Segment Start: Information given

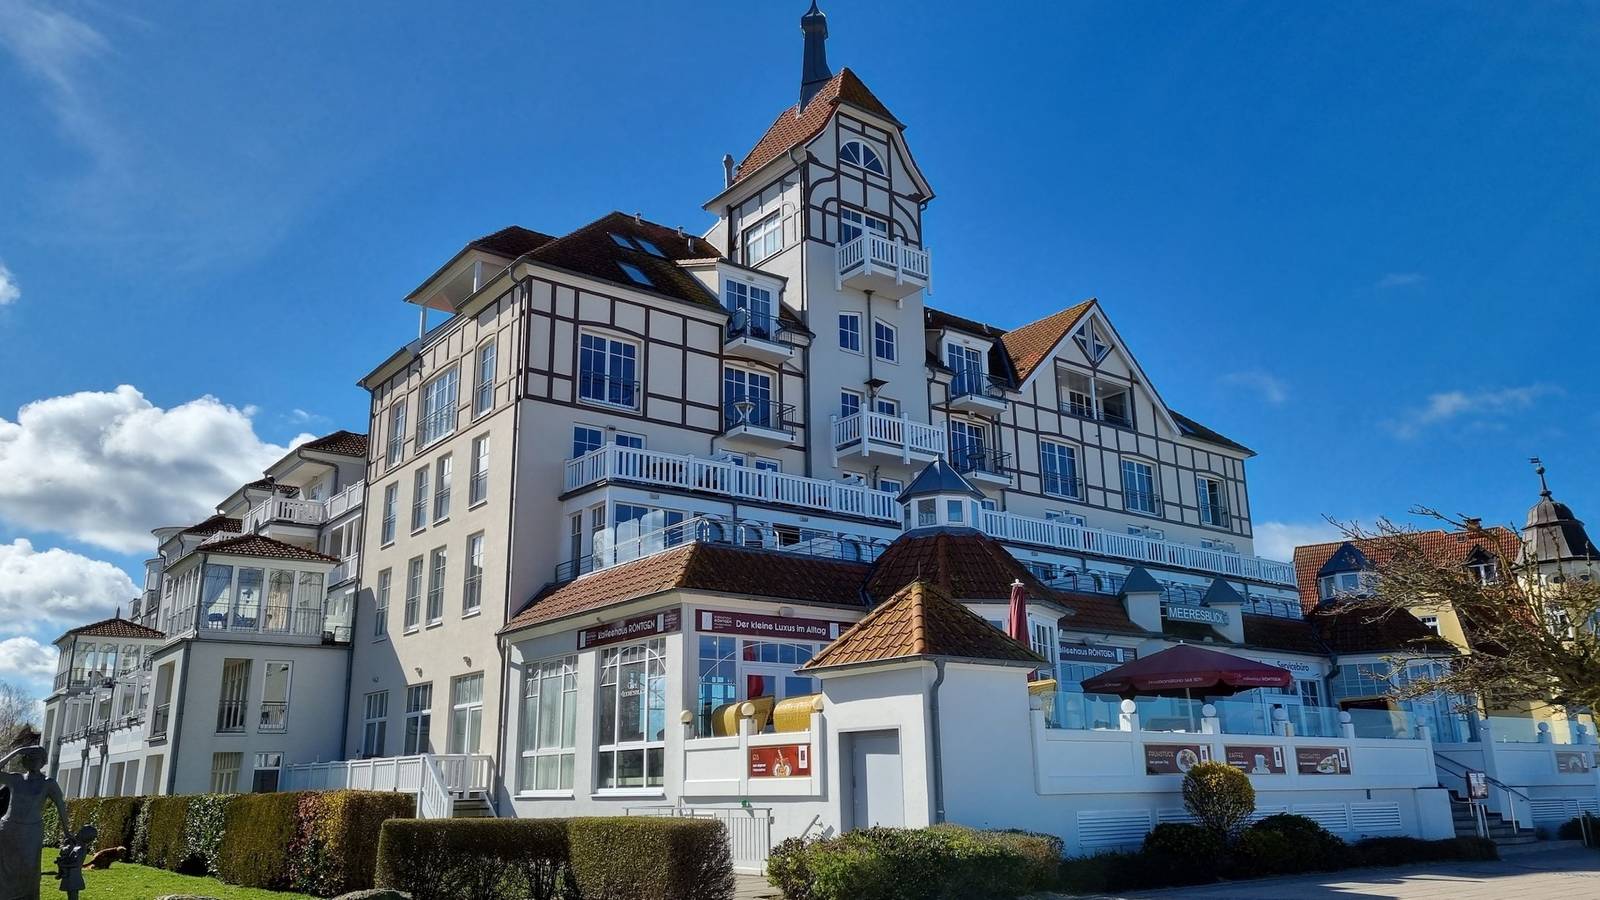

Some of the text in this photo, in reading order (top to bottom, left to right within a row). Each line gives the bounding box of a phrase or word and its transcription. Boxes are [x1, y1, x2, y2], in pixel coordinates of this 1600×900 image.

[1168, 607, 1224, 624] MEERESBLICK
[628, 619, 656, 633] RÖNTGEN
[735, 619, 827, 636] Der kleine Luxus im Alltag
[1088, 647, 1116, 658] RÖNTGEN
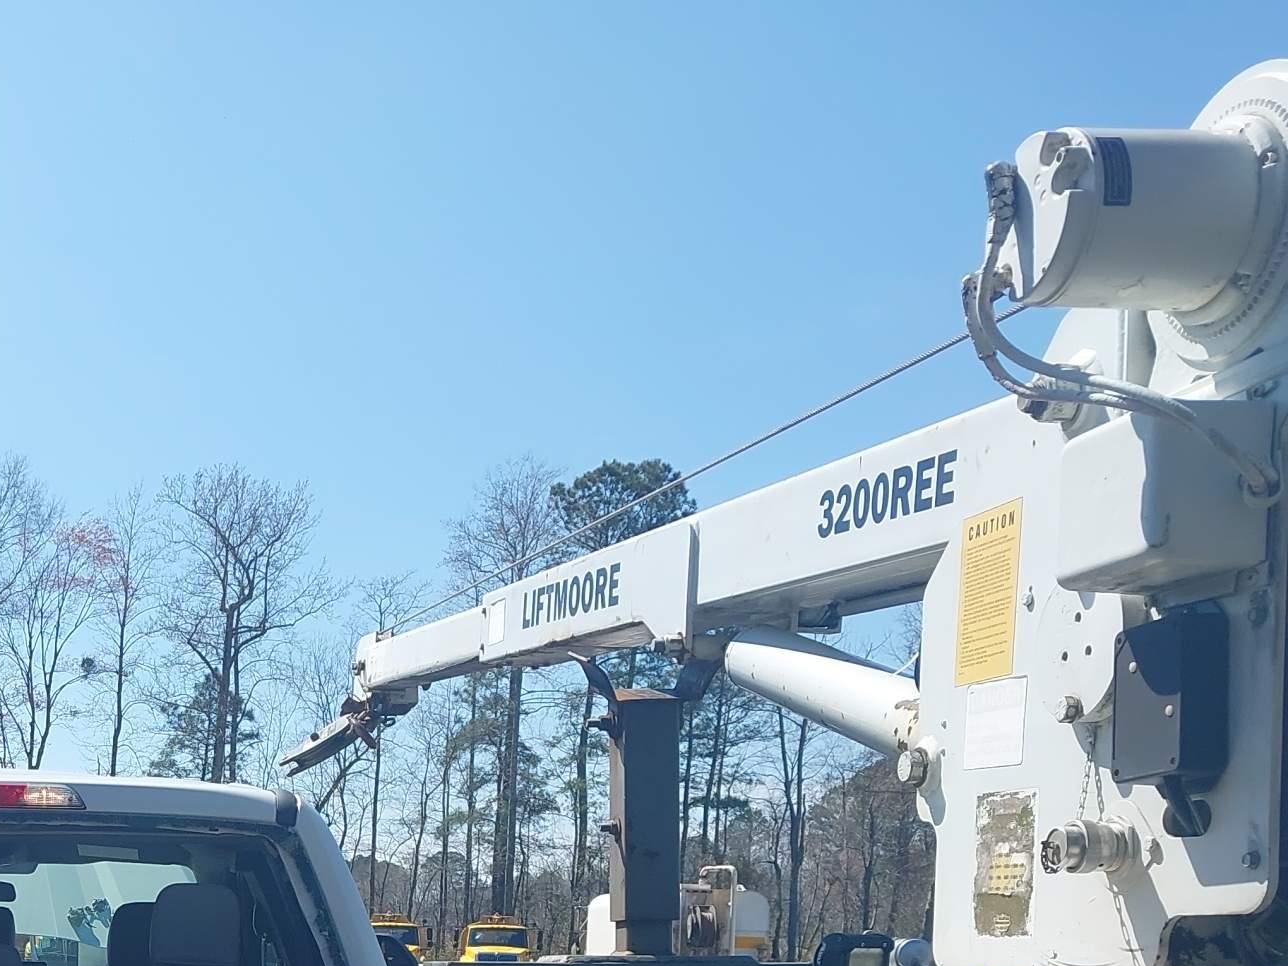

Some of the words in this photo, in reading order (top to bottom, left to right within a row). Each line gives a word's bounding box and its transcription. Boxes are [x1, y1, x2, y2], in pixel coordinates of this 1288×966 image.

[817, 449, 959, 539] 3200REE
[967, 509, 1017, 541] CAUTION
[522, 563, 622, 630] LIFTMOORE
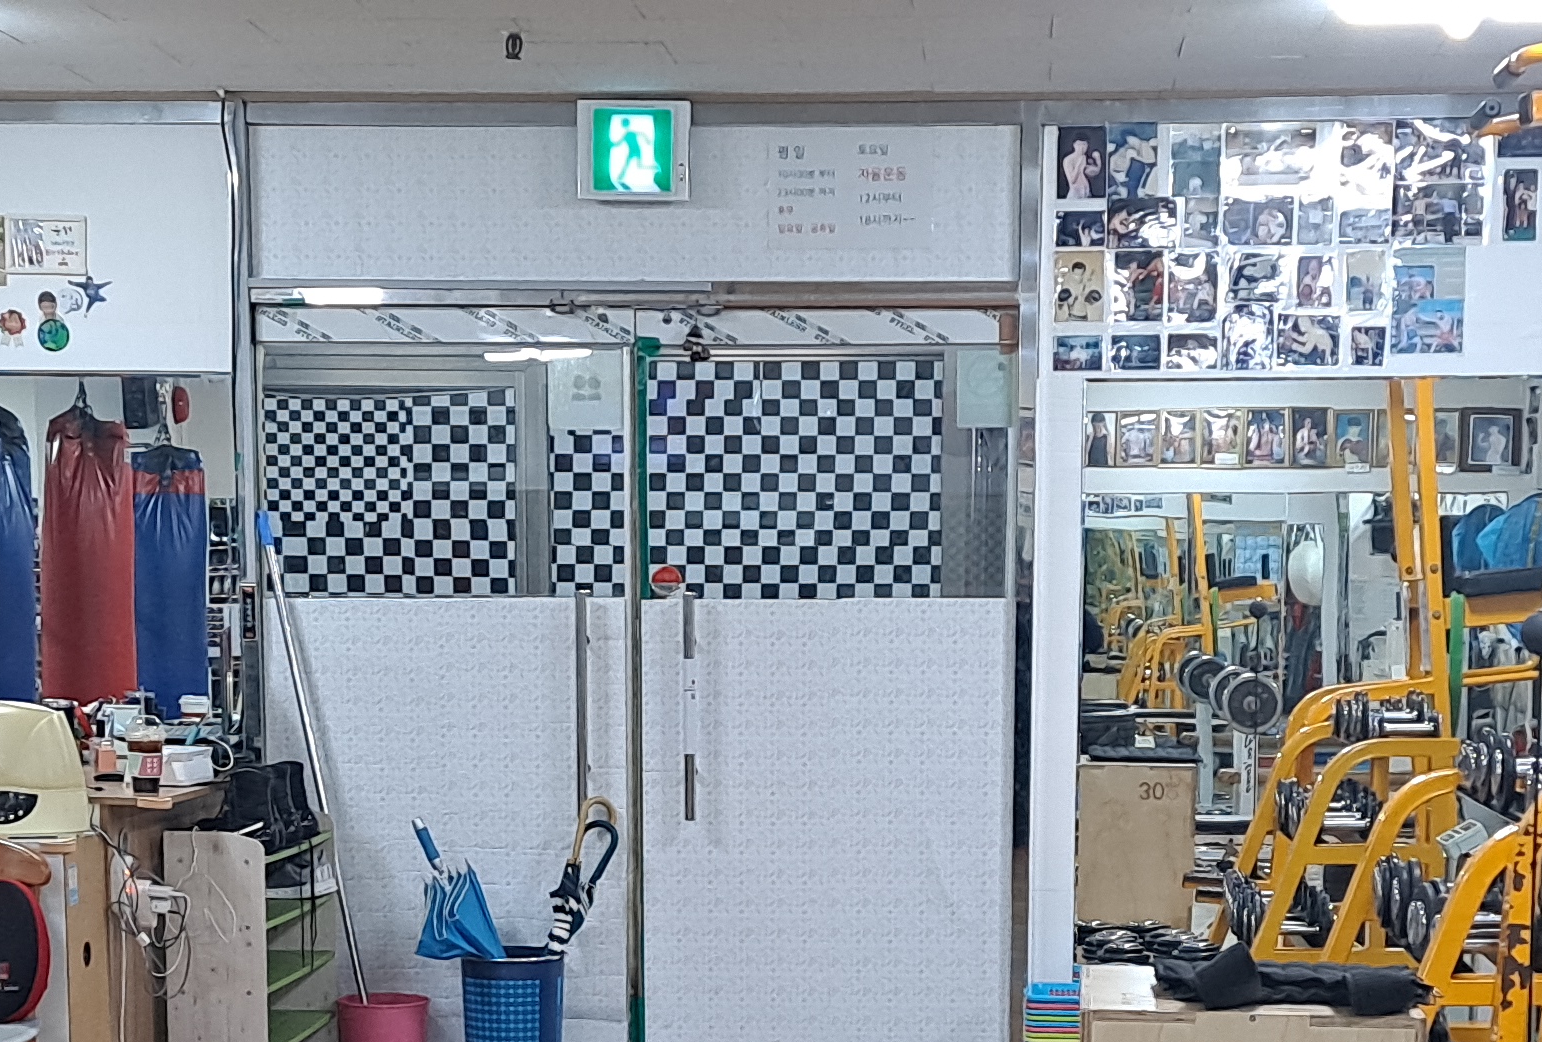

Segment End: Information given

__Task item__: Please give again only the lines from the one containing "Some of the words" through the last line of the entries above, exactly as they stand and without pictures.

__Exercise output__:
Some of the words in this photo, in reading order (top to bottom, left to right within a row). Each line gives a word's bounding box and its transcription. Boxes are [x1, y1, x2, y2], in pixel coordinates of this 1288×966 image.

[817, 449, 959, 539] 3200REE
[967, 509, 1017, 541] CAUTION
[522, 563, 622, 630] LIFTMOORE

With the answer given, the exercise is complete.